Médecins " dangereux " : l'Ordre peut et veut s'en occuper pleinement
Le conseil national de l'Ordre des médecins (Cnom), dans une lettre à la ministre Onkelinx, exprime la demande " d'assumer pleinement son rôle " en matière de suspension provisoire d'un médecin dans les situations d'urgence où celui-ci représente un danger pour ses patients. Le Cnom demande un soutien des parlementaires dans ce sens. Les conseils provinciaux disposent en effet de la compétence pour le faire et offrent de solides garanties contre l'arbitraire grâce à l'assistance du magistrat. Ceci vaut aussi pour les pharmaciens.

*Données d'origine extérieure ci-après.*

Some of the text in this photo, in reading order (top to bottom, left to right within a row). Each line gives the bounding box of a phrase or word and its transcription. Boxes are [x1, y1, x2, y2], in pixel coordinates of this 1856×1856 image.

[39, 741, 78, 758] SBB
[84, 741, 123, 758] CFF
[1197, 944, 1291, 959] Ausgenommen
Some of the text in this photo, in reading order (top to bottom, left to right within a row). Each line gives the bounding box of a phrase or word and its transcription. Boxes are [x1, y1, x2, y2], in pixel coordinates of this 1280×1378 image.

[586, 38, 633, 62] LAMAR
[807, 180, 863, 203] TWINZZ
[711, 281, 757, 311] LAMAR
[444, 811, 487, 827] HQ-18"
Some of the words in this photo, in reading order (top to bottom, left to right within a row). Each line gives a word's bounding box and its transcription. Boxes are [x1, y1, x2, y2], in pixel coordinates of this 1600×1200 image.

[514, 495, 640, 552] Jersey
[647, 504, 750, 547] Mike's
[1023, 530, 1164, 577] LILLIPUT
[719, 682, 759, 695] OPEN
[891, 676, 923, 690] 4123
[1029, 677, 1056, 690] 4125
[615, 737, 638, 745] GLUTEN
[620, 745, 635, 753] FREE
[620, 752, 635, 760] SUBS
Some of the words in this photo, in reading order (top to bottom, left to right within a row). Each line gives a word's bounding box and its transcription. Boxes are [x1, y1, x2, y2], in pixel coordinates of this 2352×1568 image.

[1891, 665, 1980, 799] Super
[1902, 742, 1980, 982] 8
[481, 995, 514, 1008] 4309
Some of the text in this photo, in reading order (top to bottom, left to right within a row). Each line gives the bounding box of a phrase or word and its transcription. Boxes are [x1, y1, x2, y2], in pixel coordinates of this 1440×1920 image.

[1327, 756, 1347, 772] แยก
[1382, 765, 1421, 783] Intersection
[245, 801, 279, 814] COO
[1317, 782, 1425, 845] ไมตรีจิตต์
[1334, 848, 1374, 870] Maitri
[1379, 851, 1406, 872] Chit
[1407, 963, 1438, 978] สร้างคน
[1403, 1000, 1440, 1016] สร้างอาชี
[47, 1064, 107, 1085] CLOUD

L'Ordre des médecins a pris acte du communiqué du conseil des ministres du 18/10/2013 qui fait le choix " de ne pas donner aux Ordres des médecins et des pharmaciens la compétence de suspendre provisoirement, dans les situations urgentes, le droit d'exercice d'un médecin ou d'un pharmacien ".
Le Cnom note qu'une compétence similaire est attribuée aux commissions médicales provinciales qui dépendent du ministère de la Santé publique.
Or par courrier, l'Ordre a fait savoir qu'il est demandeur d'assumer pleinement son rôle pour ce qui concerne les médecins. " Les conseils provinciaux sont plus appropriés pour appliquer une telle procédure d'urgence : d'une part, le conseil provincial est assisté d'un magistrat, ce qui constitue une garantie procédurale, d'autre part, le conseil provincial est composé de membres élus en nombre suffisant pour garantir une large représentation des différentes pratiques médicales. "
Le Conseil national souligne que cette compétence était prévue dans l'avant-projet initialement proposé par la ministre de la Santé publique Laurette Onkelinx.
Le Cnom demande aux parlementaires " de bien vouloir réexaminer, lors des discussions, la pertinence d'inclure les Ordres professionnels dans le processus ".